Task description:
Each line of the material must be reproduced exactly; pictures stay out.
######
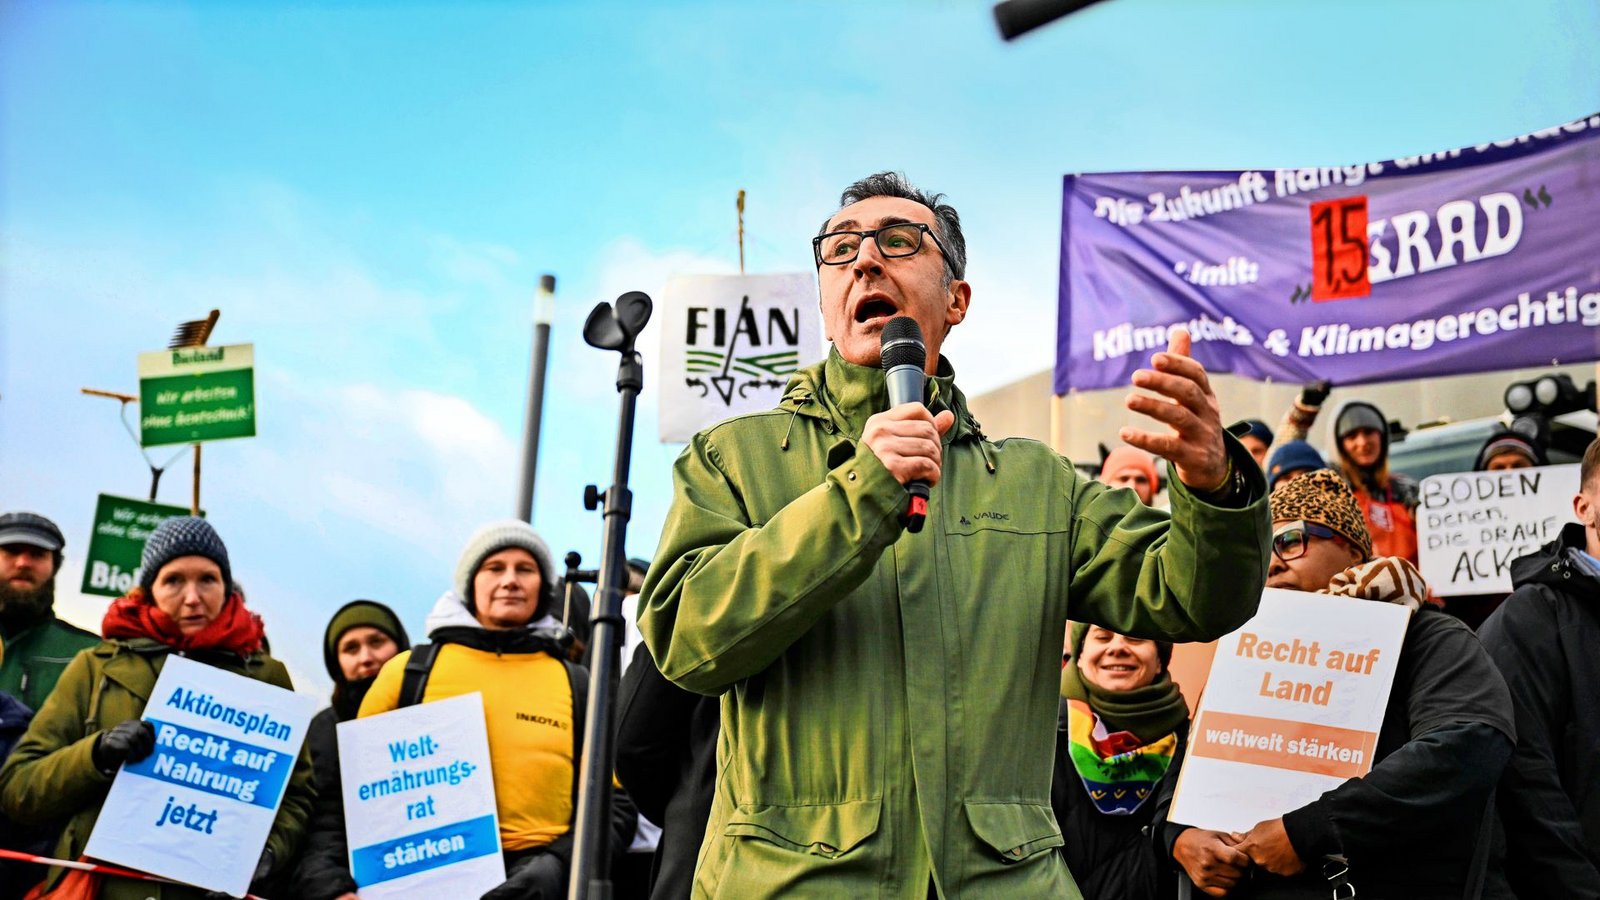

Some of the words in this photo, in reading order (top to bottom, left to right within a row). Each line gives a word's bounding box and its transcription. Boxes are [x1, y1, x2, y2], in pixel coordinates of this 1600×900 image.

[1148, 170, 1269, 223] Zukunft
[1174, 256, 1259, 286] imit:
[685, 296, 799, 347] FIAN
[1264, 329, 1292, 356] &
[1423, 472, 1541, 509] BODEN
[973, 511, 1010, 521] VAUDE
[1235, 632, 1321, 666] Recht
[1325, 648, 1381, 675] auf
[1259, 672, 1333, 706] Land
[166, 687, 292, 742] Aktionsplan
[516, 711, 560, 728] INKOTA
[156, 725, 231, 761] Recht
[232, 748, 277, 773] auf
[388, 734, 439, 763] Welt-
[1205, 727, 1283, 752] weltweit
[1287, 738, 1364, 764] stärken
[153, 754, 260, 802] Nahrung
[358, 760, 477, 801] ernährungs-
[156, 796, 218, 835] jetzt
[406, 795, 435, 821] rat
[383, 834, 465, 870] stärken
######
Expected answer:
Some of the words in this photo, in reading order (top to bottom, left to right within a row). Each line gives a word's bounding box and its transcription. Boxes are [x1, y1, x2, y2], in pixel coordinates of this 1600×900 image.

[1148, 170, 1269, 223] Zukunft
[1174, 256, 1259, 286] imit:
[685, 296, 799, 347] FIAN
[1264, 329, 1292, 356] &
[1423, 472, 1541, 509] BODEN
[973, 511, 1010, 521] VAUDE
[1235, 632, 1321, 666] Recht
[1325, 648, 1381, 675] auf
[1259, 672, 1333, 706] Land
[166, 687, 292, 742] Aktionsplan
[516, 711, 560, 728] INKOTA
[156, 725, 231, 761] Recht
[232, 748, 277, 773] auf
[388, 734, 439, 763] Welt-
[1205, 727, 1283, 752] weltweit
[1287, 738, 1364, 764] stärken
[153, 754, 260, 802] Nahrung
[358, 760, 477, 801] ernährungs-
[156, 796, 218, 835] jetzt
[406, 795, 435, 821] rat
[383, 834, 465, 870] stärken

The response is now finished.